Ira M. Steinberg, an associate in Sedgwick’s Los Angeles office, focuses his practice in the handling of directors and officers and fidelity bond claims and litigation for insurers, as well as professional errors and omissions claims.
Patricia H. Thompson concentrates her practice in the areas of fidelity, surety, employment, construction and related commercial litigation. She is a past Chair of the Fidelity and Surety Law Committee of the Tort, Trial, and Insurance Practice Section, American Bar Association, and a former Member of the Board of Advisors of the Fidelity Law Association and the Fidelity Committee of the Surety Claims Institute. Since 1979, she has authored and presented more than 50 articles, chapters, and papers on fidelity, surety, and other legal topics, and has served as an editor of the Tort and Insurance Practice Section’s periodical, The Brief, and the Fidelity Law Association Journal. Ms. Thompson is a shareholder in the Miami office of Carlton Fields, P.A. and a 1976 graduate of Vanderbilt University School of Law.

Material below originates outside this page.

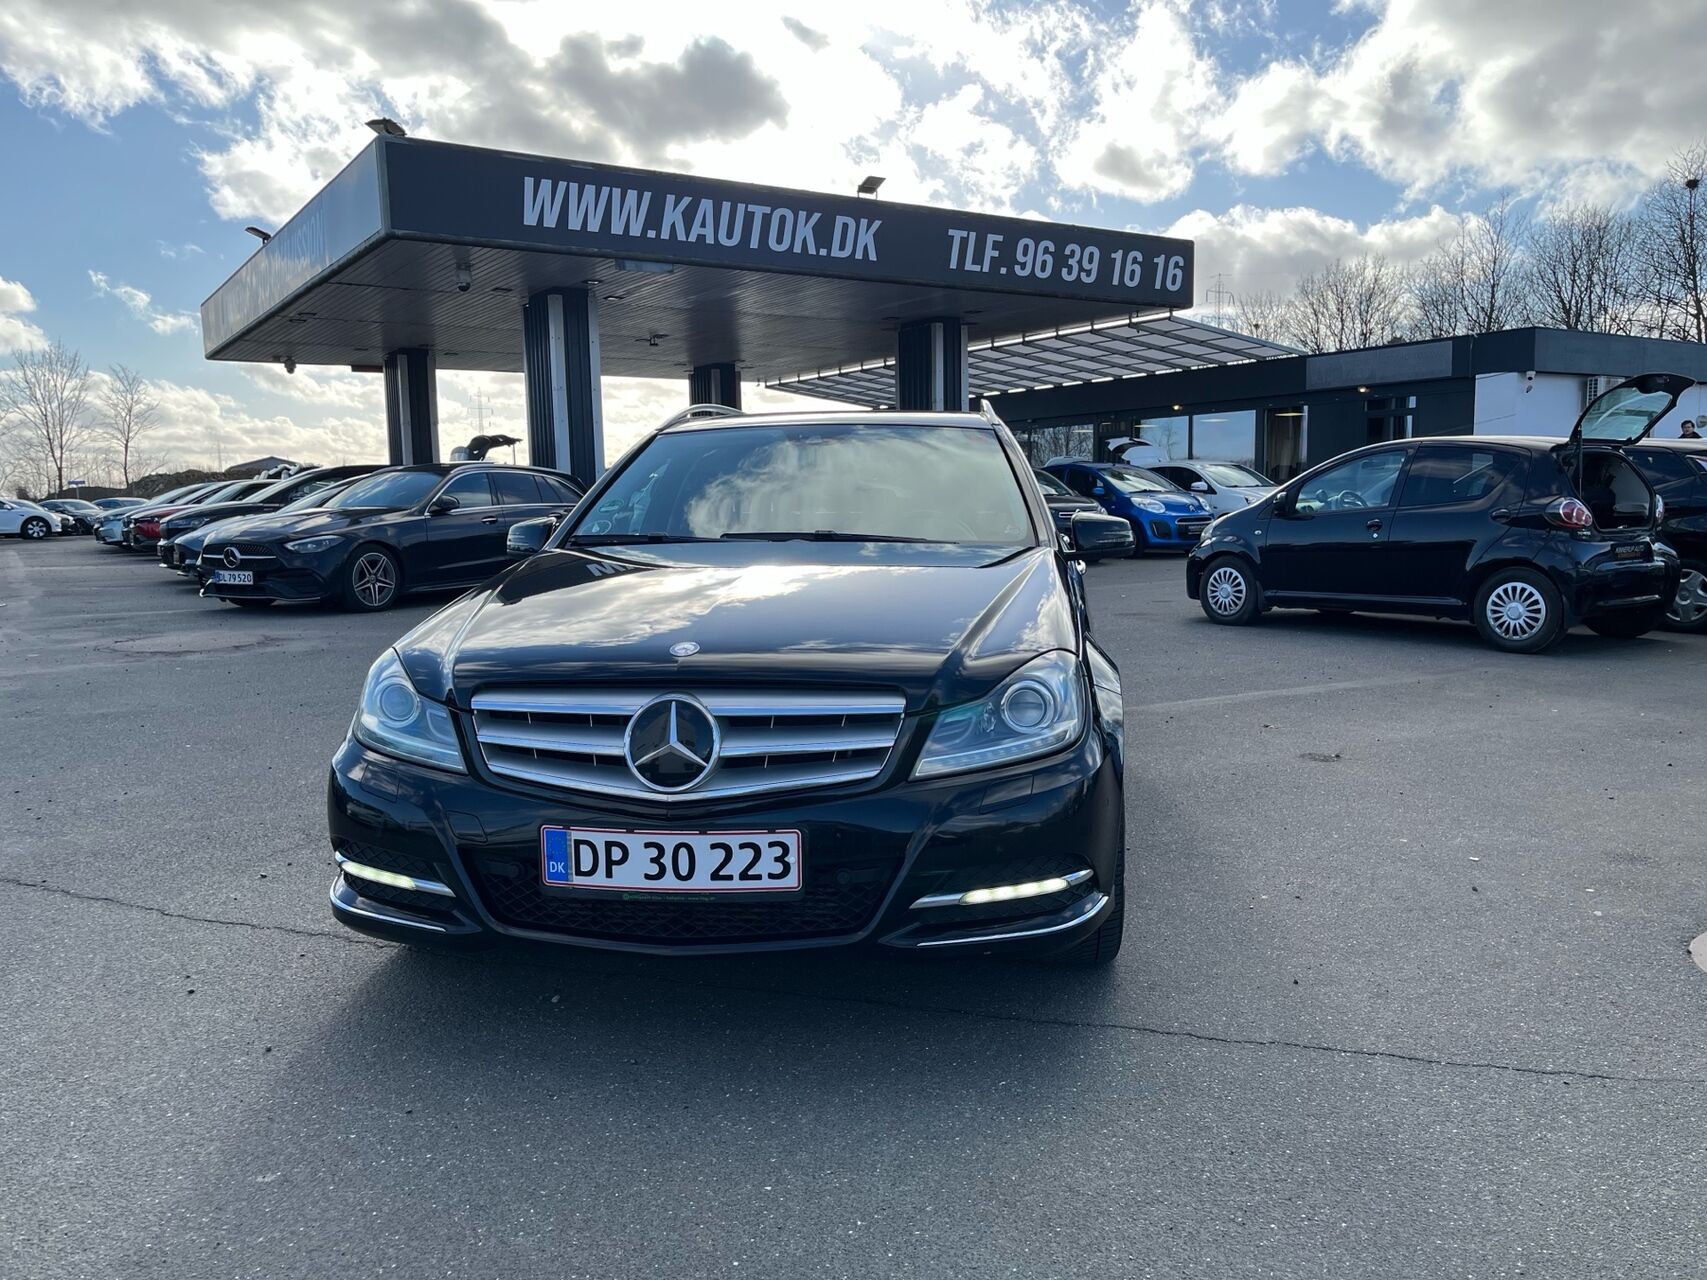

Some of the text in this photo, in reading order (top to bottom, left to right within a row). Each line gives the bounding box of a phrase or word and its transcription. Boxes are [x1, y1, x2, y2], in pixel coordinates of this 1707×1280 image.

Gary J. Valeriano is a managing partner in the California and Nevada law firm of Anderson, McPharlin & Conners LLP. For more than 30 years he has concentrated his practice and the representation of fidelity insurers in financial institution claims and commercial claims and litigation arising out of such claims as well as other specialty insurance matters. He is currently a vice chair of the ABA Fidelity and Surety Law Committee and is the chair designate for the ABA Fidelity and Surety Law Committee for the year 2015. Mr. Valeriano has published and spoken extensively in the areas of fidelity and surety and other specialty insurance matters.
Justin D. Wear is also a principal with Manier & Herod, P.C., practicing in the firm's surety and fidelity law groups. Mr. Wear is the Co-Chair of the Fidelity Law Subdivision of the Surety and Fidelity Law Committee of the ABA. Mr. Wear has authored or co-authored multiple articles, books and other publications on fidelity law and related topics. Mr. Wear has been a speaker at numerous conferences and seminars on fidelity law. He received his Bachelor of Arts, magna cum laude, from the University of the South in Sewanee, Tennessee, and his Juris Doctor, summa cum laude, from the University of Tennessee College of Law.

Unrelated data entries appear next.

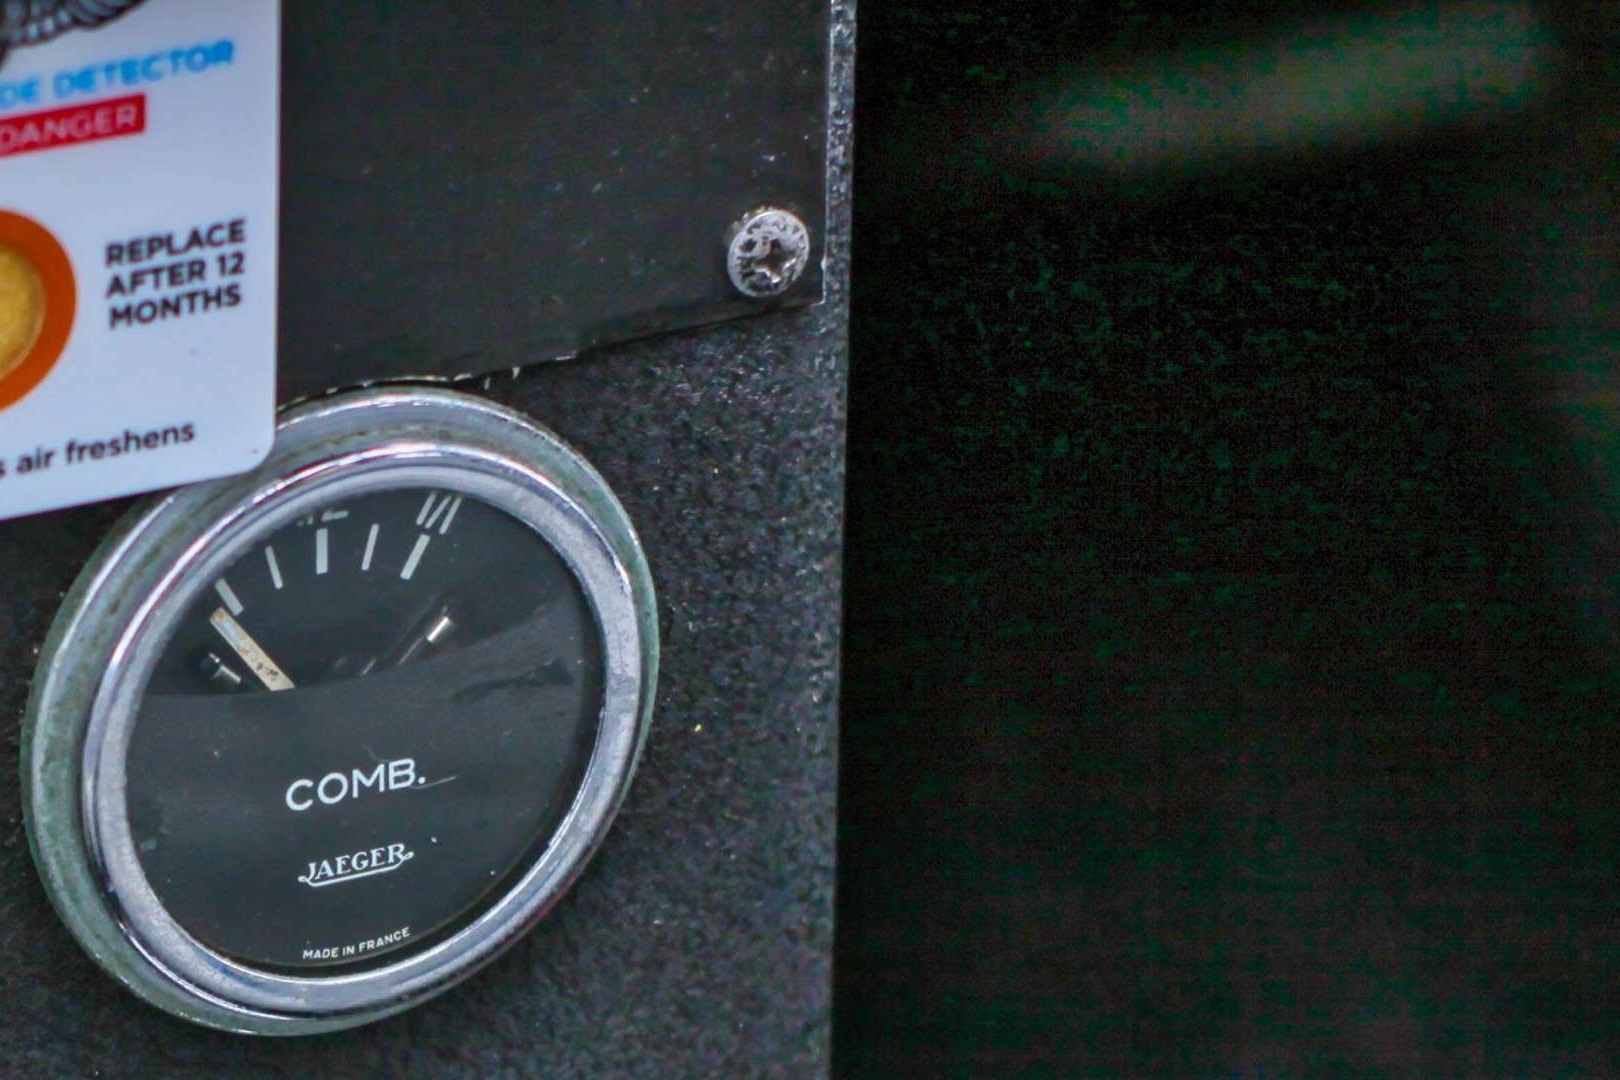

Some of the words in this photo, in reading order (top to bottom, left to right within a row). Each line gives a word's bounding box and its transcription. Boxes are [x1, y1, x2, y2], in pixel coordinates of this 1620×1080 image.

[54, 38, 235, 97] DETECTOR
[105, 216, 246, 269] REPLACE
[106, 258, 206, 298] AFTER
[216, 249, 245, 277] 12
[109, 282, 242, 330] MONTHS
[16, 446, 57, 475] air
[66, 420, 197, 465] freshens
[285, 757, 426, 812] COMB.
[297, 842, 416, 888] JAEGER
[302, 946, 339, 960] MADE
[342, 943, 356, 956] IN
[358, 926, 411, 953] FRANCE

Daniel W. White, a partner in Frenkel Lambert Weiss Weisman & Gordon LLP’s insurance practice group, focuses on fidelity policies and bonds, including their contractual and extra-contractual aspects. He handles fidelity cases from investigation and analysis of a claim through the appellate process. Mr. White also handles ERISA/FRIP claims and coverage cases, commercial litigation, and has extensive experience in association directors and officers defense.